While it is encouraging that the wider public is finally beginning to pay attention, this coverage has also served as a reminder of how little has actually been done. 1,181 Indigenous women went missing or were murdered between 1980 and 2012, according to the RCMP report. Indigenous activists put the number at approximately 3,000.

Yet still, Canada’s powerful institutions address the epidemic with little more than lip service. The report released by the RCMP this year is an encouraging step forward for the institution, but it does not make up for its history of ignorance and abuse. In February 2013, Human Rights Watch released a report that documented the appalling testimonies of Indigenous girls and women being tortured and physically and sexually abused by RCMP officers in northern British Columbia.

The Canadian government, for its part, has roundly ignored the calls of Indigenous communities, choosing instead to cut funding to Sisters in Spirit, one of the few organizations spearheading research into the issue. These cuts target the Indigenous population, and are part of a disconcerting trend of silencing advocacy that challenges the priorities of the government.

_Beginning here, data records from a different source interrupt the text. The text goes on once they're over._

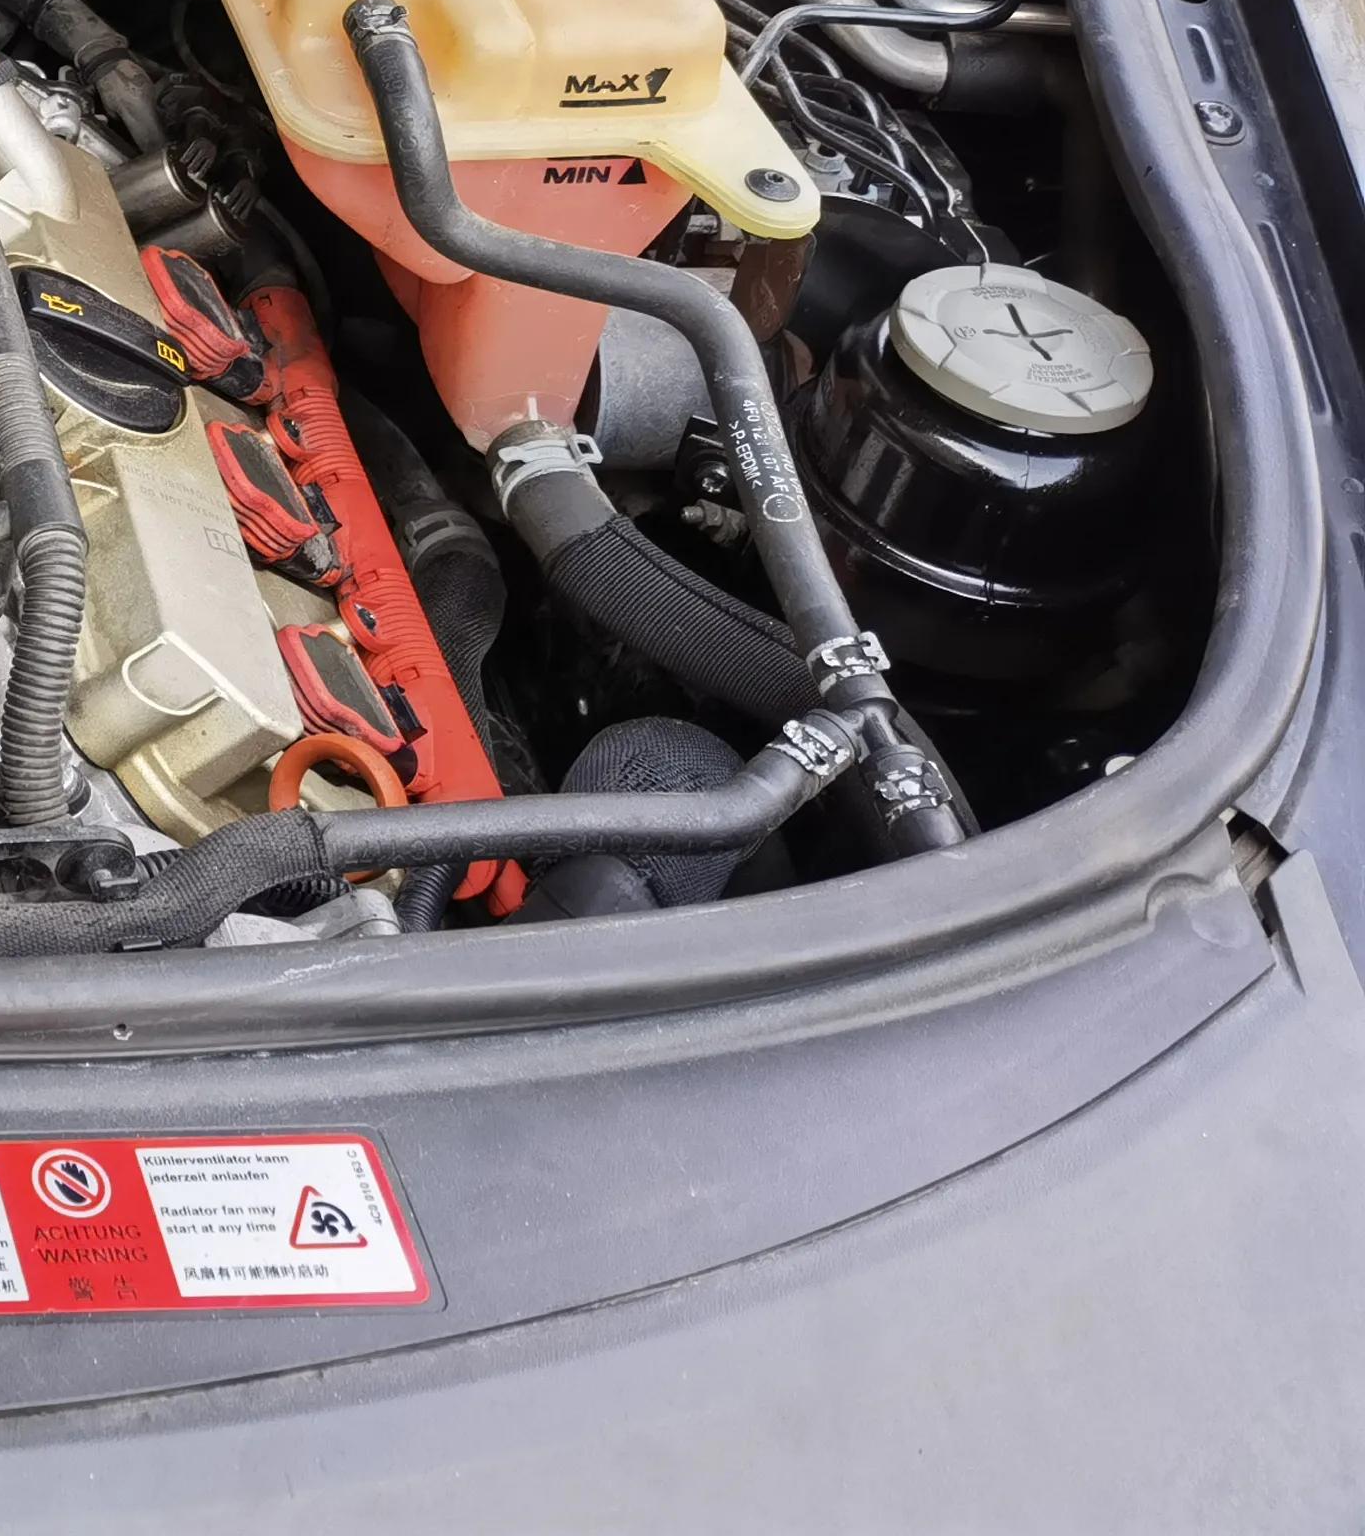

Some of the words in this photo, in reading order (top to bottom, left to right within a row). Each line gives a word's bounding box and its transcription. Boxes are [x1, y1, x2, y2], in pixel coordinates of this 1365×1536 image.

[565, 74, 640, 94] MAX
[543, 166, 611, 184] MIN
[742, 399, 761, 422] 4F0
[760, 453, 781, 472] 107
[770, 475, 789, 492] AF
[142, 1153, 252, 1167] Kühlerventilator
[256, 1154, 289, 1164] kann
[149, 1172, 207, 1185] jederzeit
[211, 1171, 270, 1182] anlaufen
[160, 1205, 219, 1218] Radiator
[222, 1205, 245, 1216] fan
[248, 1206, 277, 1218] may
[34, 1224, 142, 1241] ACHTUNG
[166, 1223, 198, 1235] start
[201, 1223, 215, 1234] at
[218, 1224, 243, 1236] any
[246, 1222, 277, 1233] time
[37, 1246, 148, 1264] WARNING
[183, 1264, 329, 1281] 风扇有可能随时启动

However, it is not only up to institutions to address this epidemic. The degradation of Indigenous women in Canada is a symptom of our country’s culture of racism, sexism, and colonialism. Many don’t see this issue as a Canadian problem – they see it as a problem caused by Indigenous people. Until recently, the mainstream press has ignored missing and murdered Indigenous women; even now, some of the coverage of the issue is hateful, ascribing blame to Indigenous communities and blatantly disregarding Canada’s history of oppression of Indigenous peoples.

The Daily has editorialized on this march for the past three years, and is doing so again this year because very little has changed. Families, friends, and allies of the missing and murdered women are still waiting for justice. Most importantly, Indigenous women are still waiting for their voices to be heard.